• [WHAT YOU NEED TO DO]: You are asked to reproduce the listing exactly and to omit its pictures.

......

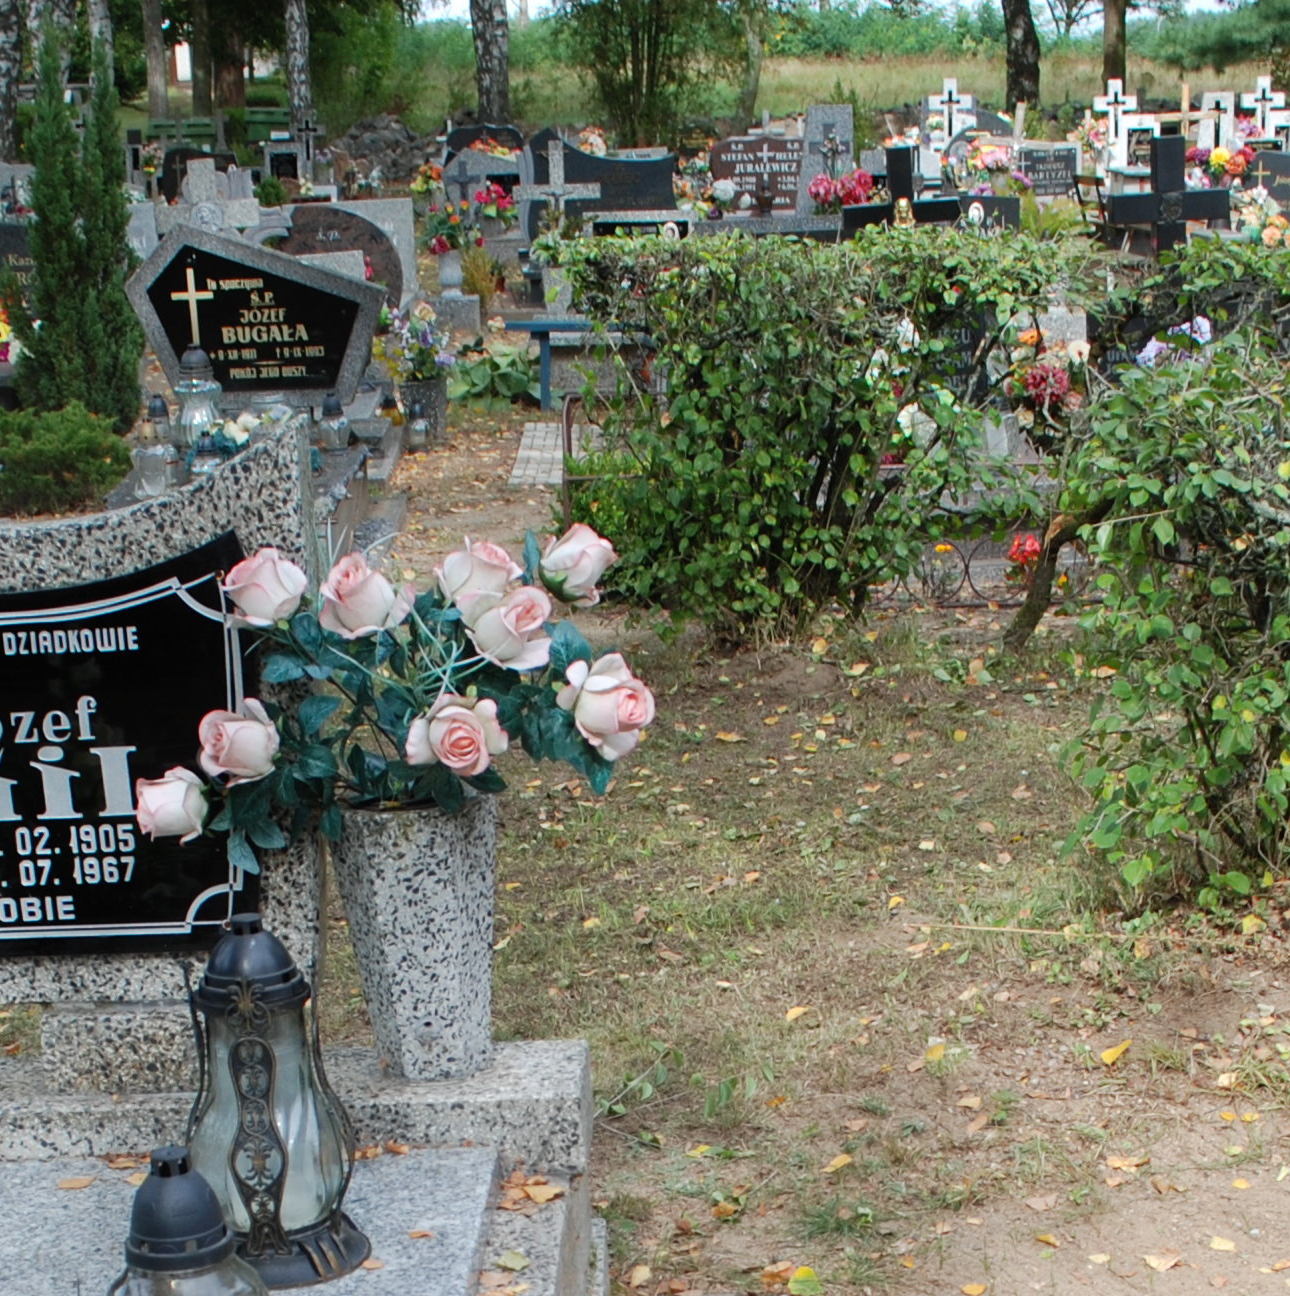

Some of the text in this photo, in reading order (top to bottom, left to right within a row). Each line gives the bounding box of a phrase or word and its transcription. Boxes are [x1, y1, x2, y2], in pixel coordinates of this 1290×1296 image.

[720, 152, 755, 162] STEFAN
[734, 162, 798, 174] JURALEWICZ
[239, 306, 287, 324] JÓZEF
[221, 323, 310, 345] BUGAŁA
[3, 625, 140, 656] DZIADKOWIE
[68, 823, 136, 854] 1905
[71, 856, 136, 886] 1967

......

• [RESPONSE TO THE TASK]:
Some of the text in this photo, in reading order (top to bottom, left to right within a row). Each line gives the bounding box of a phrase or word and its transcription. Boxes are [x1, y1, x2, y2], in pixel coordinates of this 1290×1296 image.

[720, 152, 755, 162] STEFAN
[734, 162, 798, 174] JURALEWICZ
[239, 306, 287, 324] JÓZEF
[221, 323, 310, 345] BUGAŁA
[3, 625, 140, 656] DZIADKOWIE
[68, 823, 136, 854] 1905
[71, 856, 136, 886] 1967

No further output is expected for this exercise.